With that in mind, I am going to channel my inner sports headhunter to suggest head coaches for NFL teams that currently have vacancies.
This is going to be a great post. It will provide you with multiple layers of opportunities to tell me I don't know what I'm talking about. I am going to suggest seven candidates. There is no chance you will like all seven.
Because of how many teams are in the NFL, there is also no way all seven of these guys will be successful so you can come back to this article in a few years and laugh at me again. With that in mind, here are my suggestions.
New York Giants: Josh McDaniels
The Giants say they always like to hire somebody with prior head coaching experience. This is a high pressure job in the biggest market in the country. If possible, they would like to avoid on the job training.

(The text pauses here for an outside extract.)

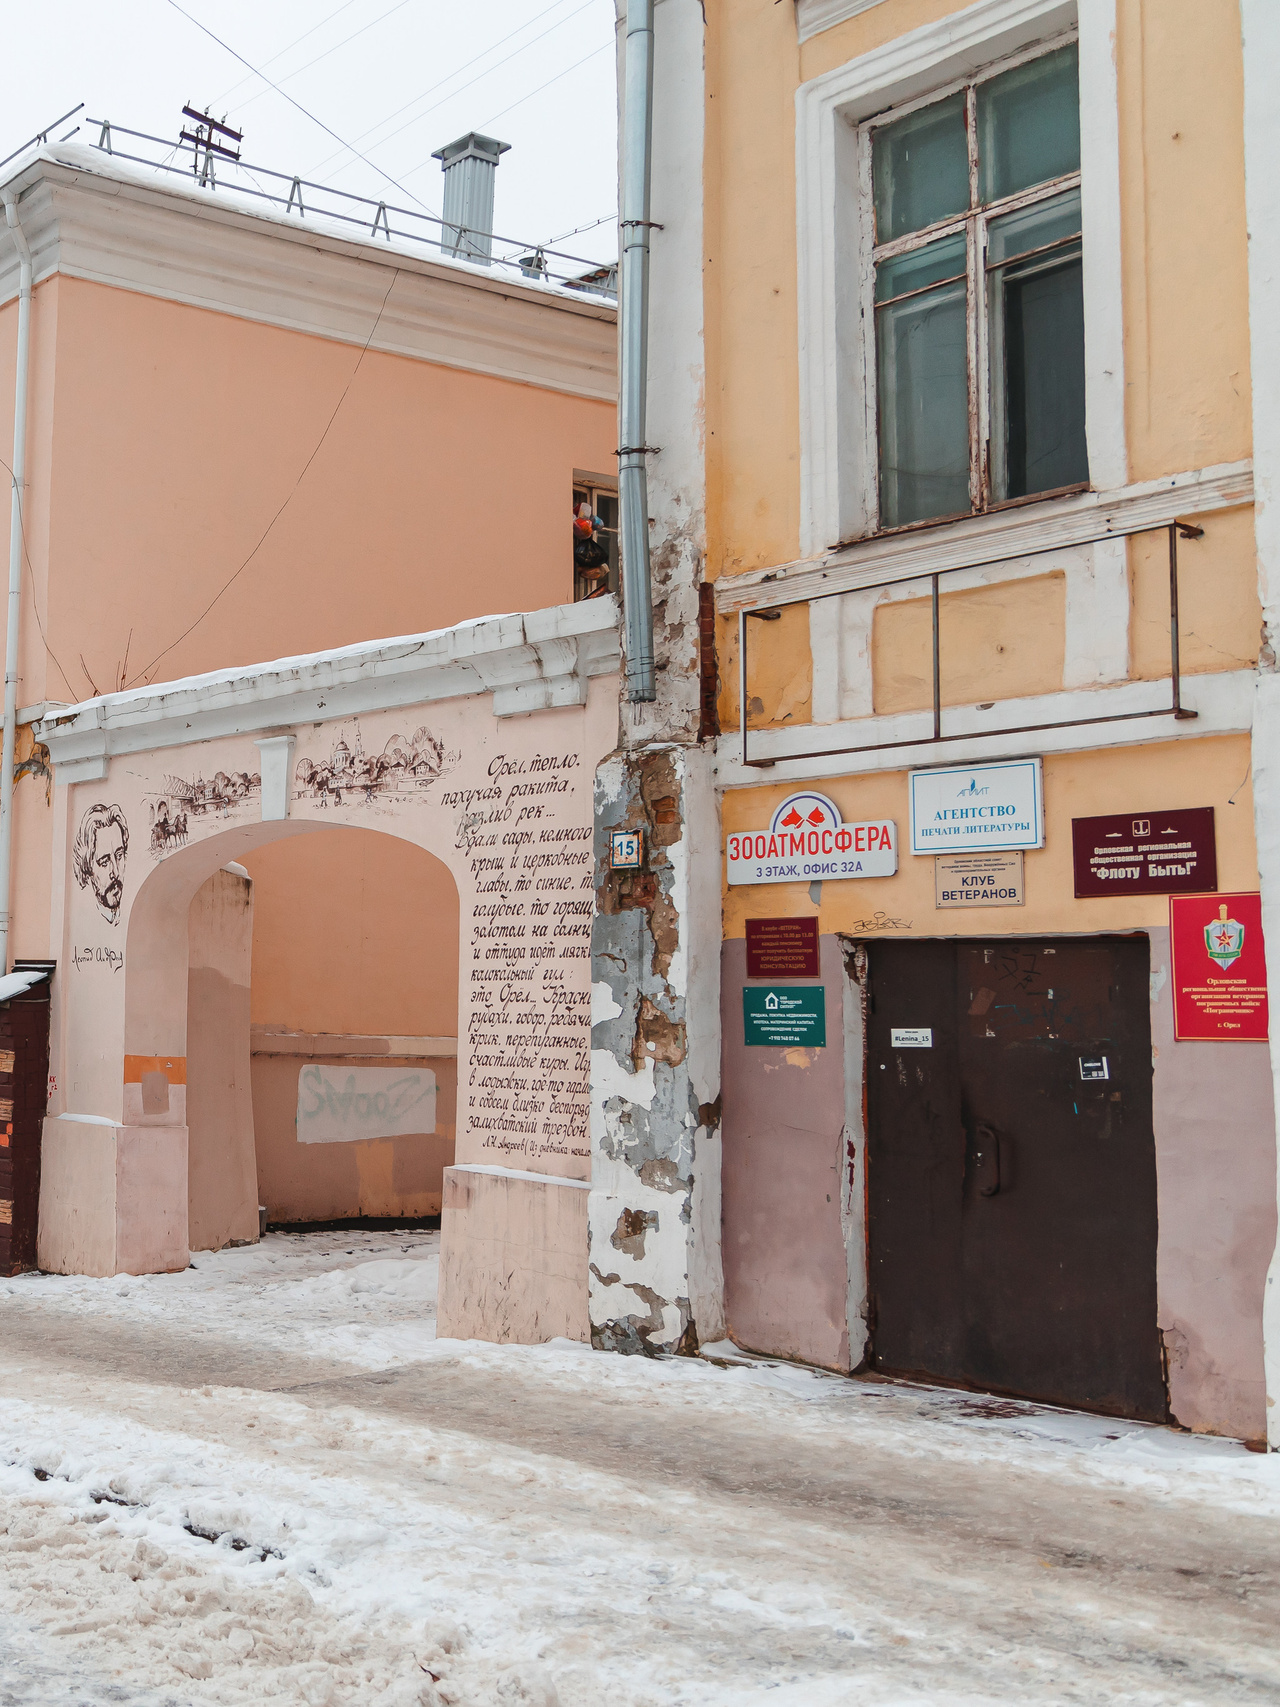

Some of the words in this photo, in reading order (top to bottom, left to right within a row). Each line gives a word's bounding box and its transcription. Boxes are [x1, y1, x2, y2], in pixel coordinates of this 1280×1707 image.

McDaniels does have head coaching experience. It was a two year stint with the Broncos many view as a disaster. In the past year or so, I have come around on the idea that McDaniels would do well if he got a second chance.
He has shown himself to be a brilliant, adaptable coach on the offensive side of the ball. Yes, he has Tom Brady, but the Pats have seemlessly replaced parts. Matt Cassel and Kyle Orton have also looked good in the past playing for McDaniels. That is no small feat.
What I really like about McDaniels is that he stepped back for a few years to become a coordinator again and think about the mistakes he made. He could be a head coach now if he wanted to be, but he is instead waiting for the right fit.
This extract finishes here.